Despite skipping school frequently due to substance use and sales, she graduated. By this time, Kelli had also met the man that she would marry and become pregnant with her daughter. She went to a community college for two years, using less than she had in a long time due to wanting to be present for her daughter.
Kelli then cycled through jobs and chosen substances. It wasn’t until she and her partner separated, then reunited, then had their second child, that he introduced her to a new substance: meth.
Meth became the most difficult drug to quit, but for a long time Kelli felt like she didn’t need to. She felt she was able to balance her use and family life. Looking back, she sees how much it changed her kids’ lives. A pattern emerged of moving, getting a new job, and starting over. Feeling like she had sold her soul, Kelli used meth for 10 years.
When a drug task force showed up with a warrant, Kelli took the opportunity: she had to quit for good. She credits that intervention with saving her life.
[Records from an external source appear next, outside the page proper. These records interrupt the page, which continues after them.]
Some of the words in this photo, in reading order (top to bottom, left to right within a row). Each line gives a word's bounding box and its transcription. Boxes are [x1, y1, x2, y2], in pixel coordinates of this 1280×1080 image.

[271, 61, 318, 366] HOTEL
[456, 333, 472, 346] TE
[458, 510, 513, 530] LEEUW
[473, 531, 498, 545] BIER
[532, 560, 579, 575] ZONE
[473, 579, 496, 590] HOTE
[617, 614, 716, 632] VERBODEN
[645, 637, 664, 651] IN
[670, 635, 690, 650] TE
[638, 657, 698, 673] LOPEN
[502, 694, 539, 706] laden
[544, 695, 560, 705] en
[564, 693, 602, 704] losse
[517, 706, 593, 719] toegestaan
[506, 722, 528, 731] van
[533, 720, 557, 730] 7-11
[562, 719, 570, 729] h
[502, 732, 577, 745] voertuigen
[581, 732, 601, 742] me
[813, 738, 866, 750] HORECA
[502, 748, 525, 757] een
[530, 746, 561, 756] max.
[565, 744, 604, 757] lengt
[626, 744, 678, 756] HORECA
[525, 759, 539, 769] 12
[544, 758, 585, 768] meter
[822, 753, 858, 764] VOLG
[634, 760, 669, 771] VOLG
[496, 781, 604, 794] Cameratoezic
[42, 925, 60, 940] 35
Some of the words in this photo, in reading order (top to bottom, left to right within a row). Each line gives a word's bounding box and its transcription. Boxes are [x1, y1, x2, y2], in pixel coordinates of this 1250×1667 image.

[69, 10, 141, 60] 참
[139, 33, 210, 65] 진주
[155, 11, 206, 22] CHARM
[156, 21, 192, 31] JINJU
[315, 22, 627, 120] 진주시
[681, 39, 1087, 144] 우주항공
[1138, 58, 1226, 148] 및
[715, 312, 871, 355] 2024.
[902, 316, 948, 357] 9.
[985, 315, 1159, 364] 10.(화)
While she searched for an open bed in treatment centers, she attended Narcotics Anonymous (NA) meetings. She credits this organization with the support that has enabled her to have 16 years clean:
“I found my home in Narcotics Anonymous. Like, that's where I felt like I belonged…I had to find something where I felt accepted. And I felt that I could be honest, and then I felt that I could be open. And today I, um, I’m a member of Narcotics Anonymous….it's just, I think that the whole, um, for me like…AA's been around forever, NA, not super long…It's just growing. But like I went to the world convention last year in Florida and there's like twenty-six thousand people. It was phenomenal, like, to think. And it's just the energy level and that's the kind of stuff I do for my recovery. I go to women's retreats. Like, I really, like, I have to do that. I have to keep growing, and what I do today will not keep me clean tomorrow. And I have to remember that, that I have to try something different.”
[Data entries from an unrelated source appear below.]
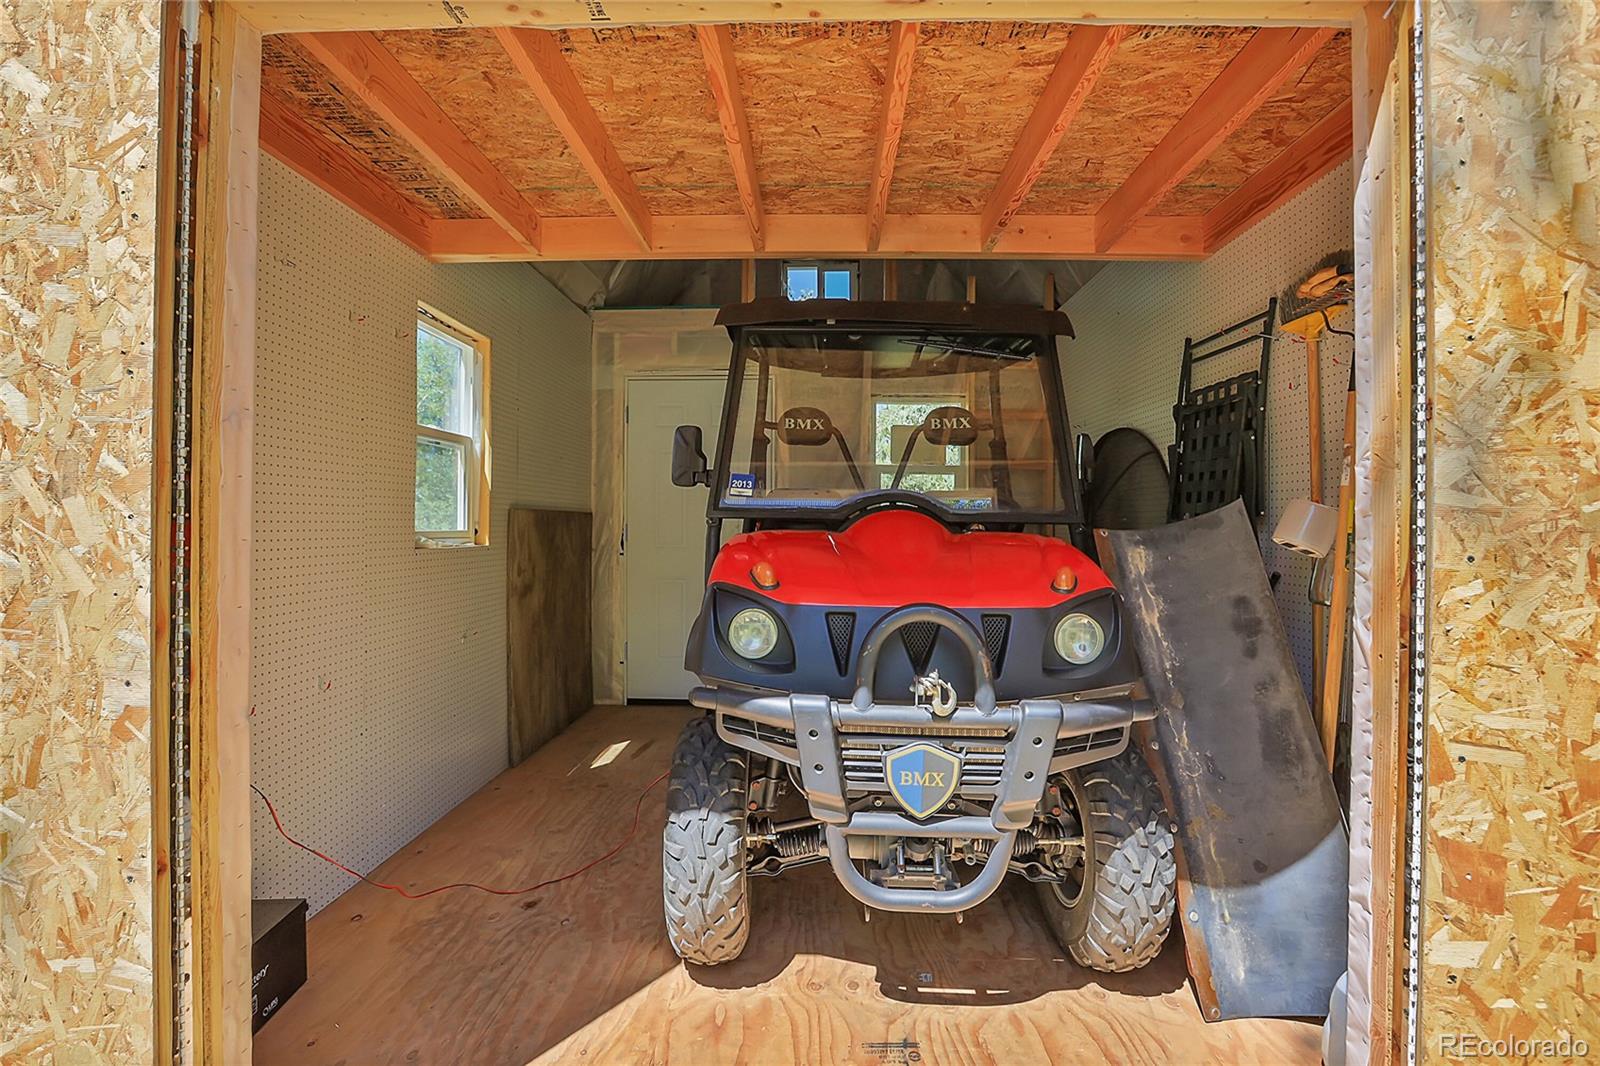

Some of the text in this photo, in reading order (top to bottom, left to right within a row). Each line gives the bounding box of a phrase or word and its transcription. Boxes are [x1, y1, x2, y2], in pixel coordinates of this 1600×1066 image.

[784, 417, 825, 430] BMX
[931, 416, 972, 430] BMX
[731, 479, 753, 489] 2013
[899, 771, 945, 788] BMX
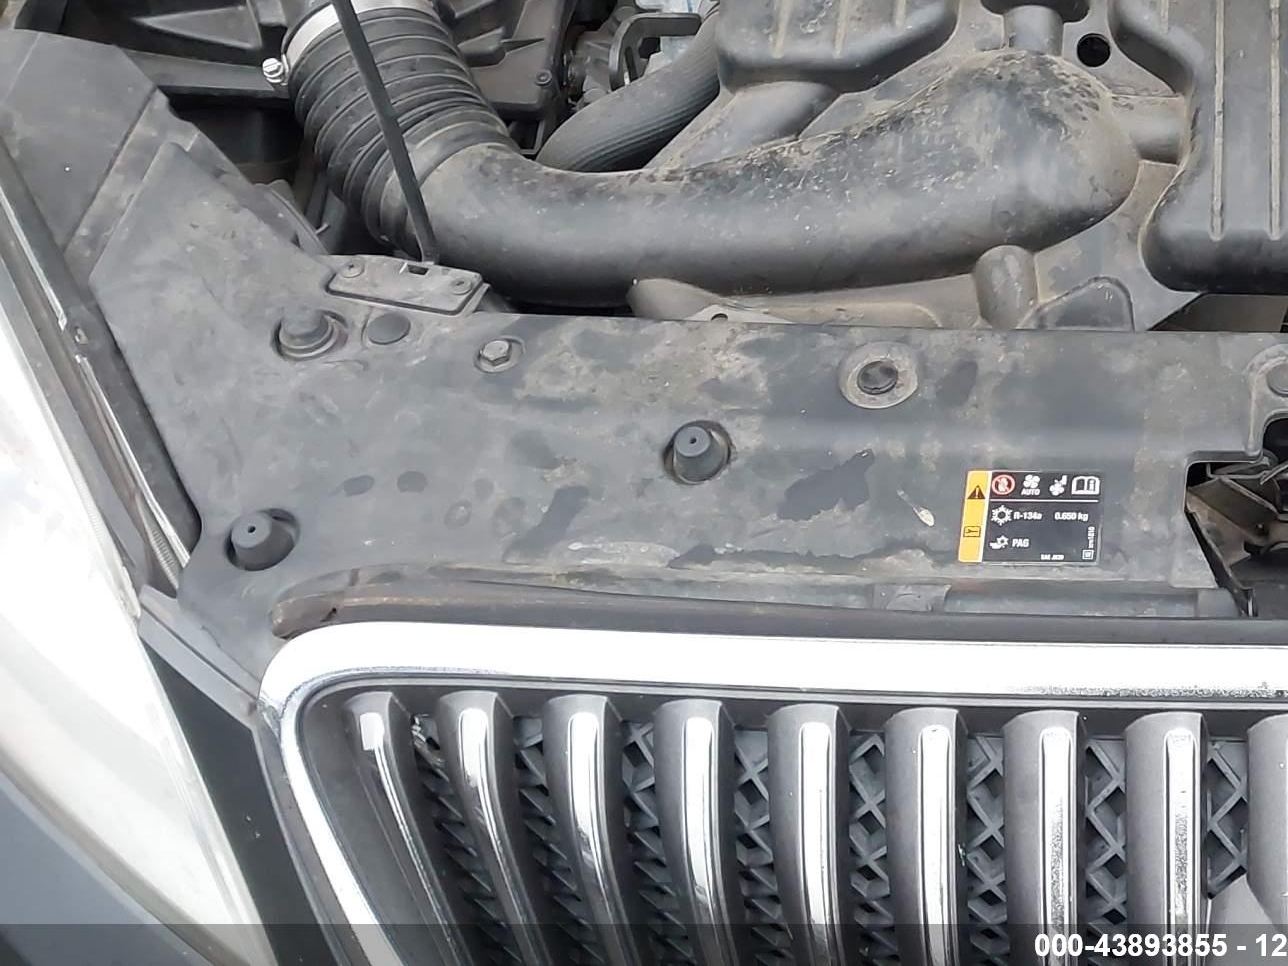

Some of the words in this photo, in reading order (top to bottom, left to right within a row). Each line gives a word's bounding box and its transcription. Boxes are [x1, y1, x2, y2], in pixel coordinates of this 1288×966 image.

[1021, 488, 1041, 496] AUTO
[1013, 511, 1042, 520] R-134a
[1054, 511, 1077, 521] 0.650
[1077, 511, 1089, 522] kg
[1012, 538, 1030, 548] PAG
“I can help somebody else through something that I've been through”

In sobriety, Kelli has gone back to school, receiving a bachelor’s degree in management. She has also bought a house and developed good relationships with her family members, who have supported her throughout recovery. While she worries about her now adult children falling into the same lifestyle she once had, she is optimistic in her ability to help them and educate them.
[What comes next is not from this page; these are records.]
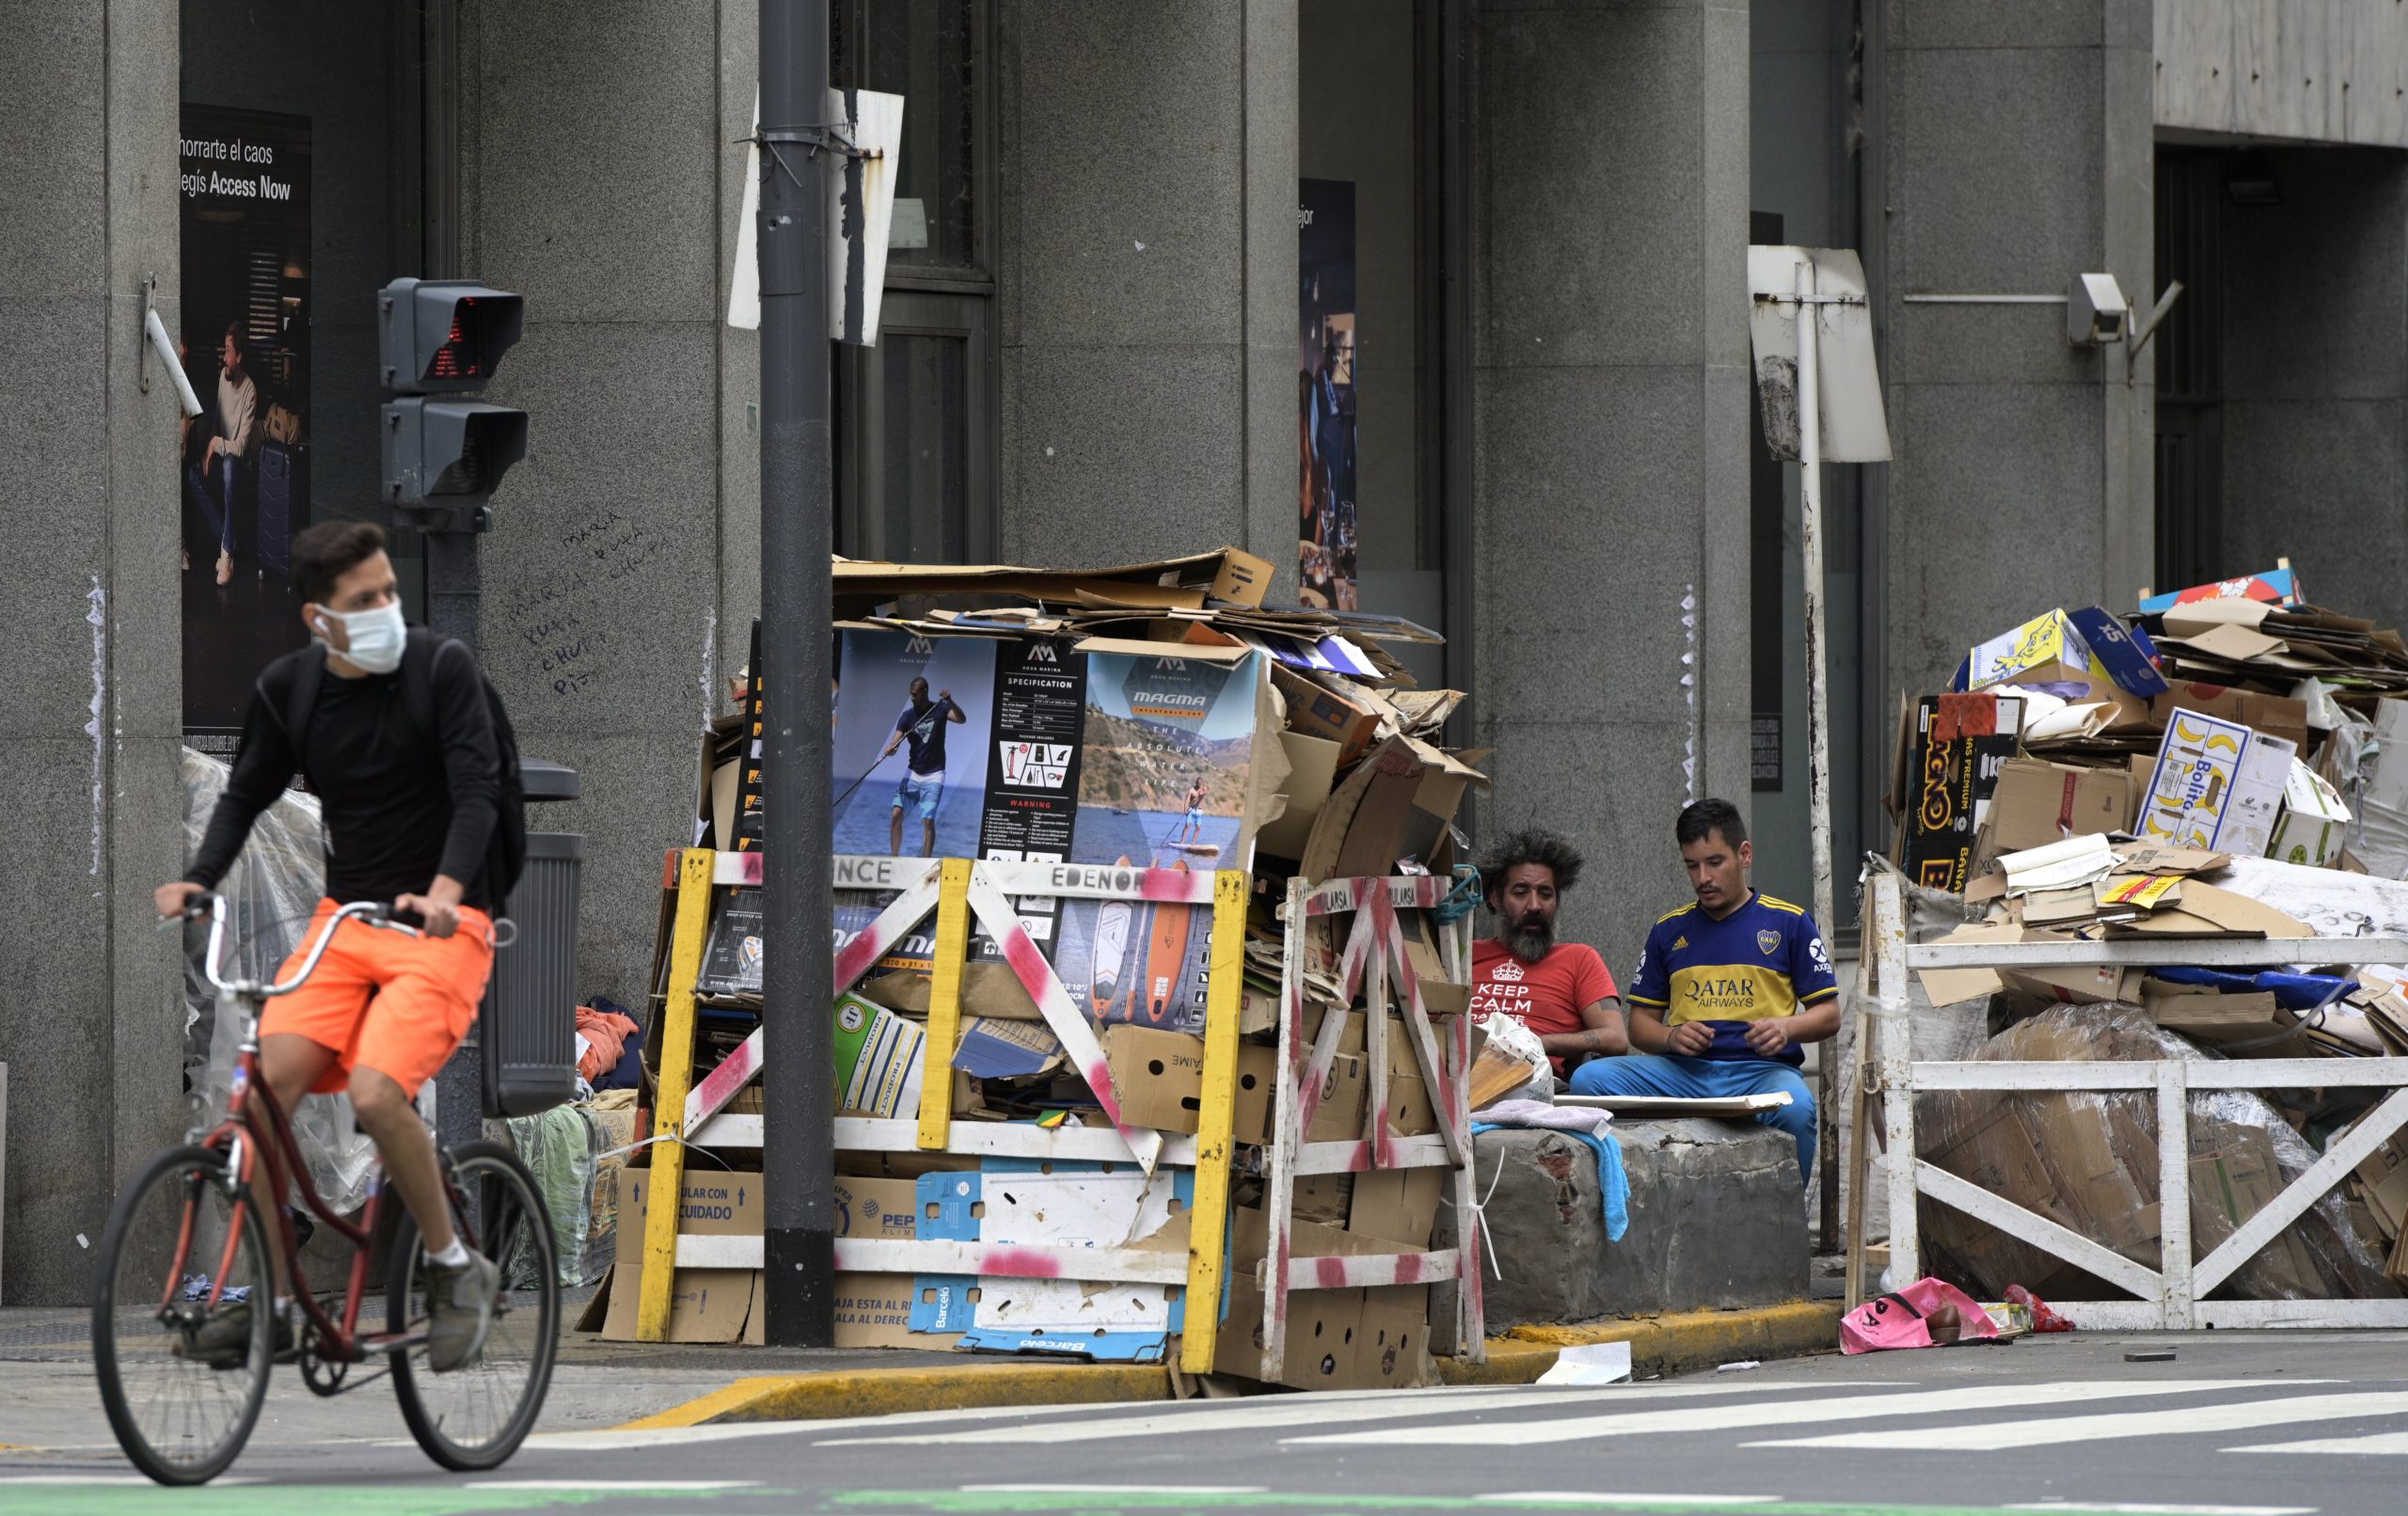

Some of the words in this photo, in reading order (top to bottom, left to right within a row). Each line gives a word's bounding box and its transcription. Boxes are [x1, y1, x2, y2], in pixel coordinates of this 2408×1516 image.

[230, 137, 241, 161] el
[245, 145, 273, 165] caos
[209, 170, 257, 197] Access
[260, 175, 291, 200] Now
[1007, 677, 1072, 688] SPECIFICATION
[1133, 691, 1207, 706] MAGMA
[1152, 726, 1178, 734] THE
[1127, 743, 1203, 754] ABSOLUTE
[1139, 760, 1185, 770] WATER
[1961, 761, 1972, 810] PREMIUM
[2183, 760, 2212, 811] Bolita
[1010, 799, 1053, 809] WARNING
[1478, 983, 1529, 997] KEEP
[1685, 978, 1754, 1001] QATAR
[1470, 996, 1531, 1013] CALM
[1697, 997, 1754, 1008] AIRWAYS
[861, 1016, 882, 1066] PRODUCT
[1172, 1055, 1203, 1068] AIME
[680, 1188, 705, 1198] ULAR
[707, 1189, 728, 1199] CON
[678, 1205, 732, 1220] CUIDADO
[881, 1228, 915, 1237] ALIM
[857, 1299, 882, 1310] ESTA
[885, 1300, 897, 1310] AL
[858, 1314, 871, 1324] AL
In five years, Kelli hopes to continue giving back through local anonymous programs.
“Honestly, in five years I’m hoping to…as far as like my recovery goes, I wanna be able to keep giving back like I’m giving back now because without it, like, like I said, I’d be dead. I just know I would be. And I wanna be able to help those people come in and get better. Because the more people that we can get off the streets and get in recovery…the better our communities are and the stronger our fellowship is, the better we can help people… just think that I have faith that…everything's gonna work out, like that God's got me. Like, I never really had that before. And I feel like it's because of the twelve steps and because we're working them, and knowing that I can get through anything and that somebody else has already been through it… And that's the same way that I can help somebody else through something that I've been through, because I did it clean. So, that's what gives me hope.”